The Japanese yen declined across the board on Monday morning in New York as the better-than-expected US data on manufacturing and construction spending reduced the demand for lower-yielding yen.
Manufacturing activity in July expanded at a slower pace than in the previous month, the Institute for Supply Management revealed in a report today, although the index of activity in the sector fell by less than economists had expected.
The ISM said its manufacturing index fell to a reading of 55.5 in July from 56.2 in June, with a reading above 50 indicating continued growth in the sector. Economists had expected the index to show a more notable decrease to a reading of 54.2.
At the same time, the Commerce Department report showed that construction spending edged up 0.1 percent to an annual rate of $836.0 billion in June from the revised May estimate of $834.8 billion. The increase came as a surprise to economists, who had expected spending to decrease by 0.8 percent.

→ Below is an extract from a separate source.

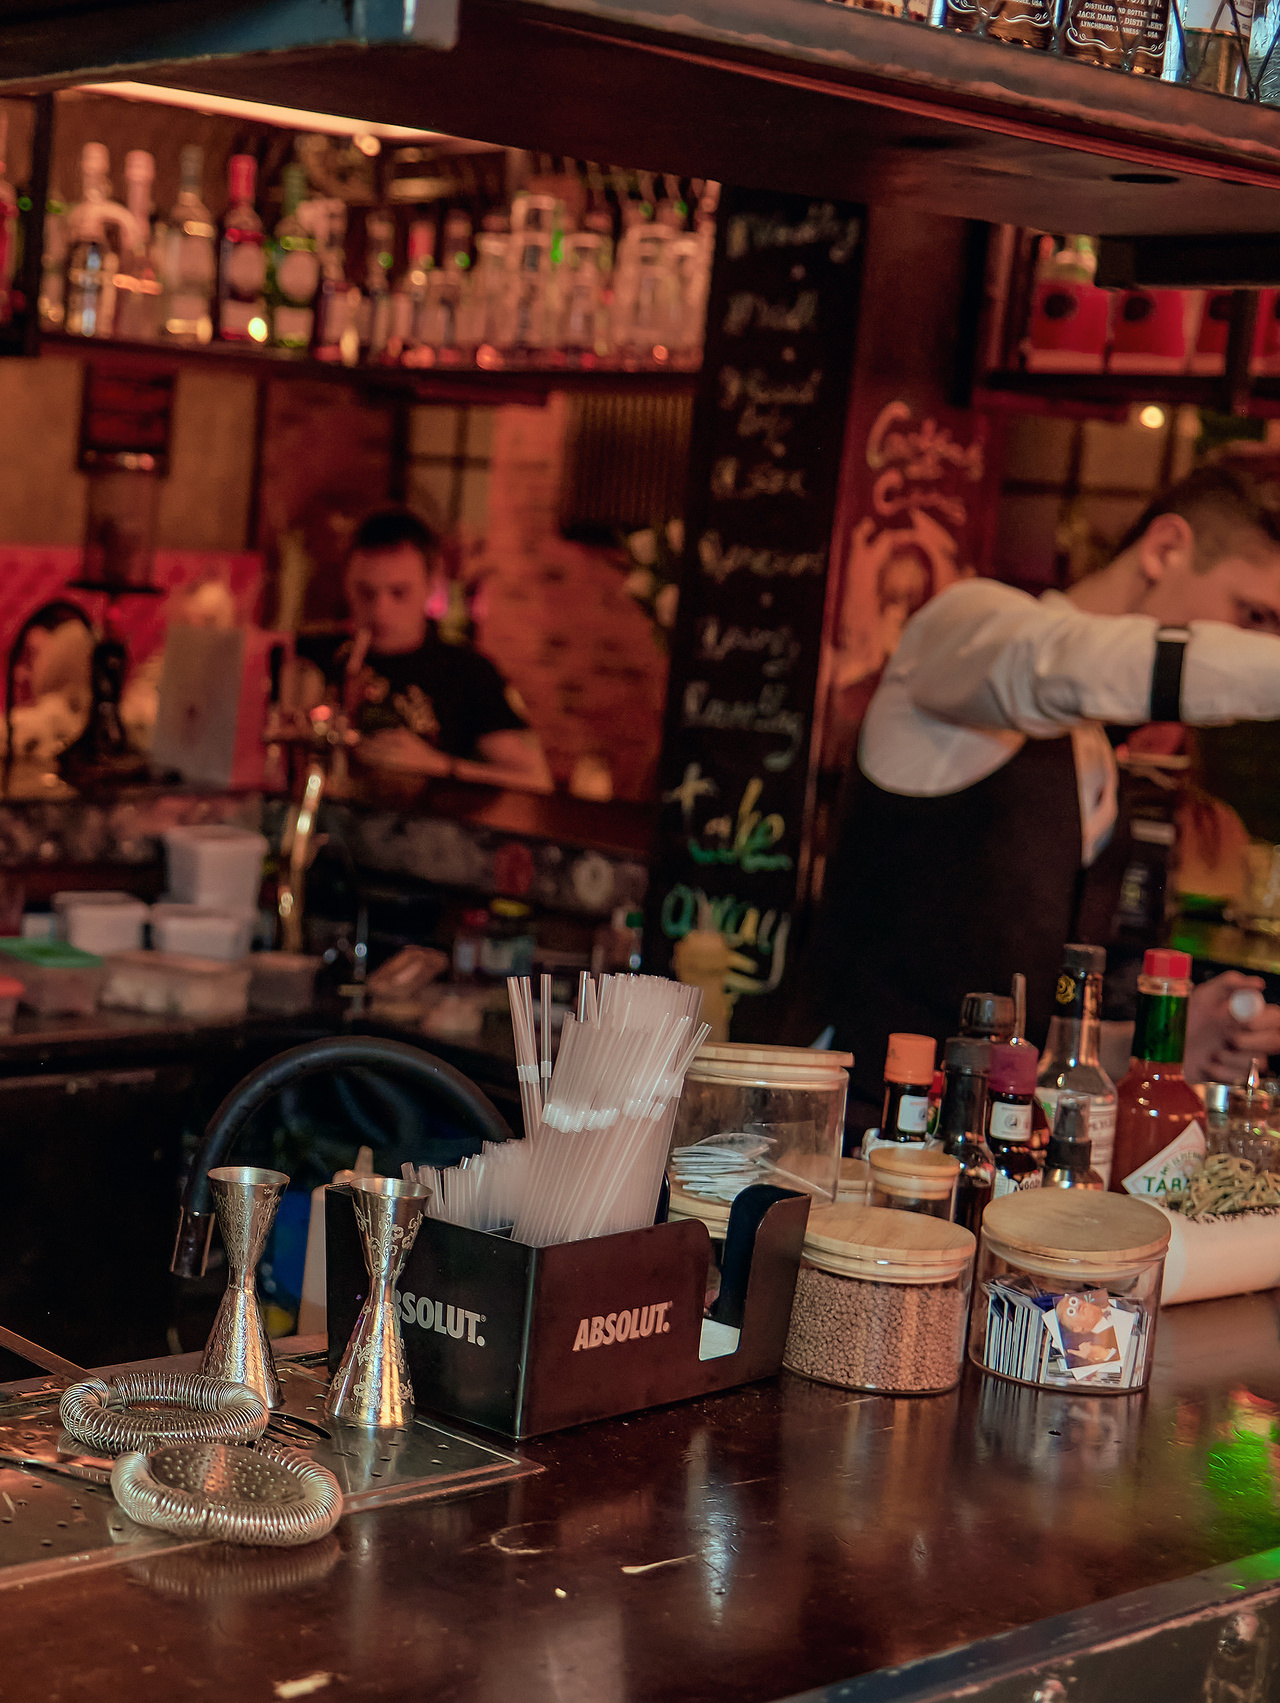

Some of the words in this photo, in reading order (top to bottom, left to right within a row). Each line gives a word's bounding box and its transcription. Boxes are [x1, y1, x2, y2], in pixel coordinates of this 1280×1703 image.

[1076, 10, 1096, 19] JACK
[1084, 2, 1114, 12] DISTILLED
[1127, 8, 1150, 18] BOTTLE
[664, 763, 792, 873] take

The yen tumbled to 137.70 against the pound around 10:00 am ET, the lowest level since May 13. On the downside, the Japanese currency may find support around the 139.90 level. The pound-yen pair that closed last week’s deals at 135.65 is presently quoted at 137.58.

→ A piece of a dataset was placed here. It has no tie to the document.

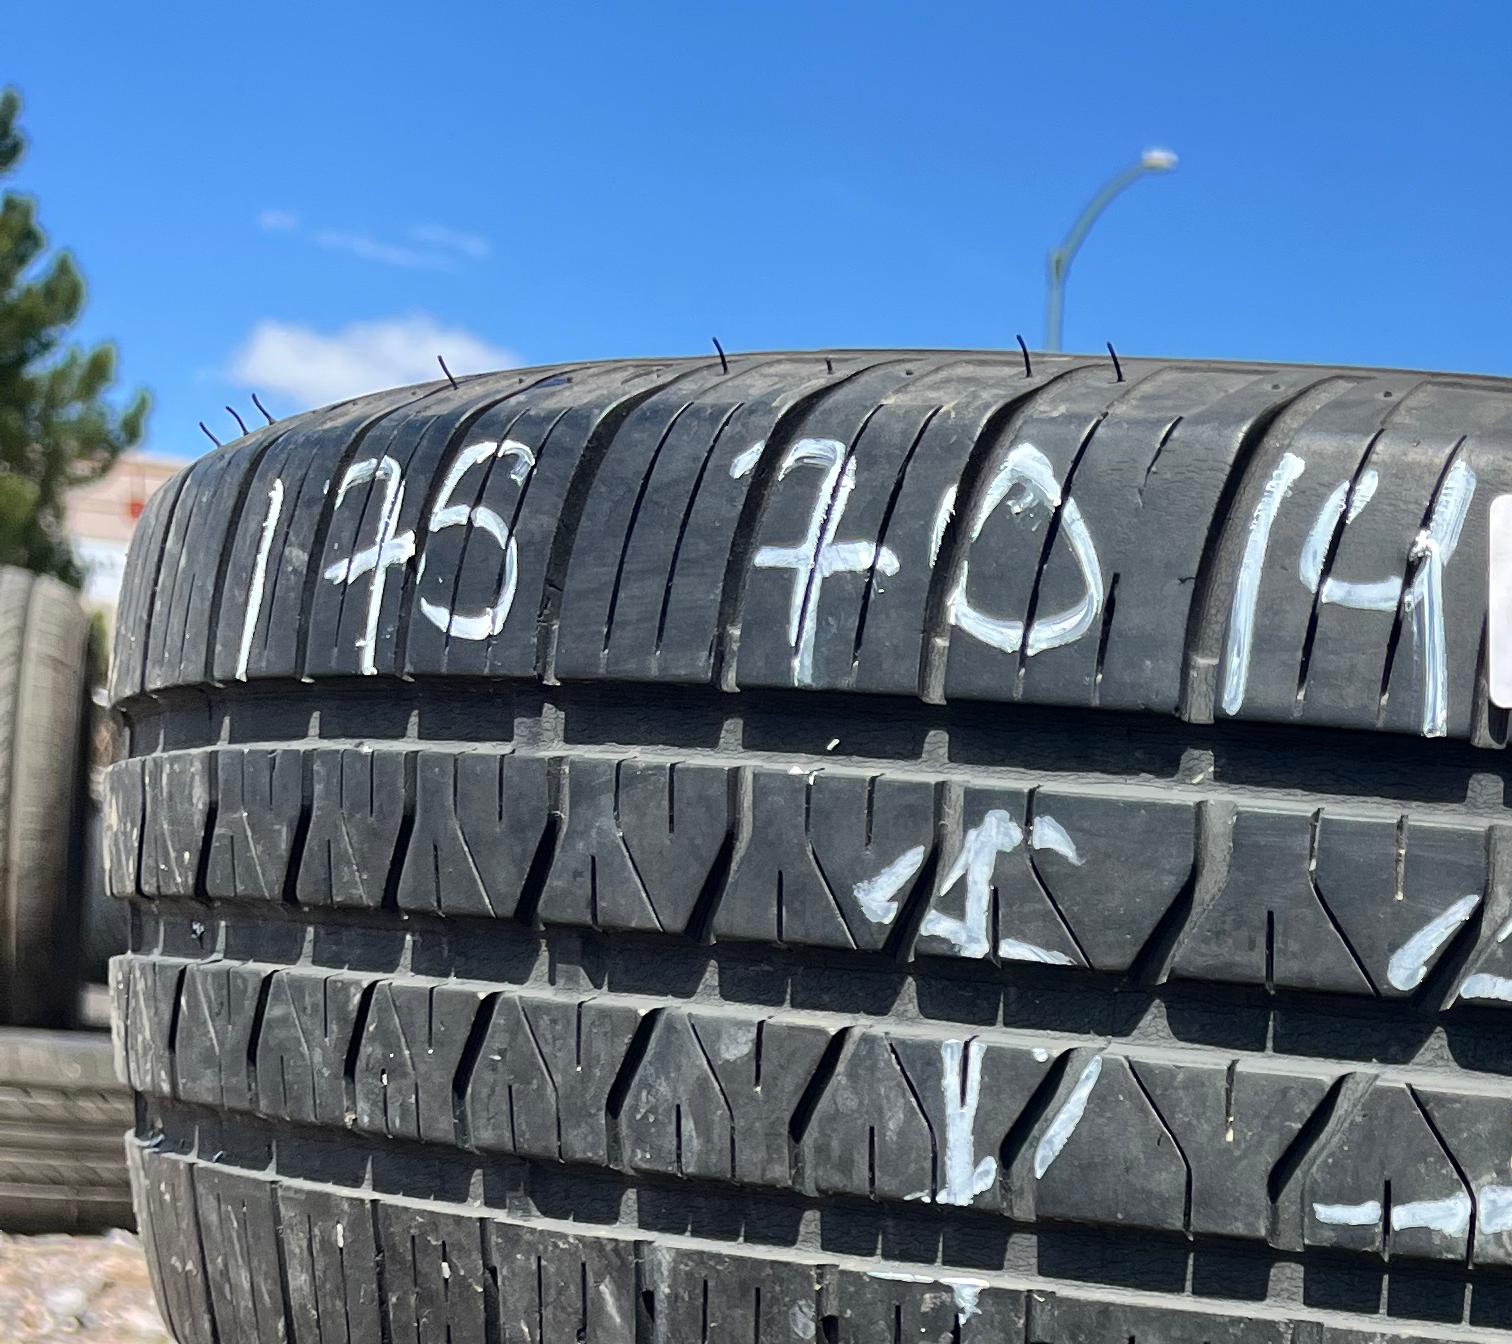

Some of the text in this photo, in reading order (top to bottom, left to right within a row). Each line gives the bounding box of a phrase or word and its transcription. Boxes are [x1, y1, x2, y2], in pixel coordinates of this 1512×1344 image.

[235, 437, 1477, 738] 175 70 14

The yen slipped to a 4-day low of 114.16 against the euro at this time and a move below its July 28th low of 114.75 could set its weakest mark in 2-1/2 months. The euro-yen pair, which ended Friday’s deals at 112.69, is presently quoted at 114.10.
The yen also reached as low as 83.44 against the Swiss franc, 79.26 against the Australian dollar, 84.84 against the Canadian dollar, 63.66 against the NZ dollar and 86.81 against the US dollar before moving sideways around 10:00 am ET.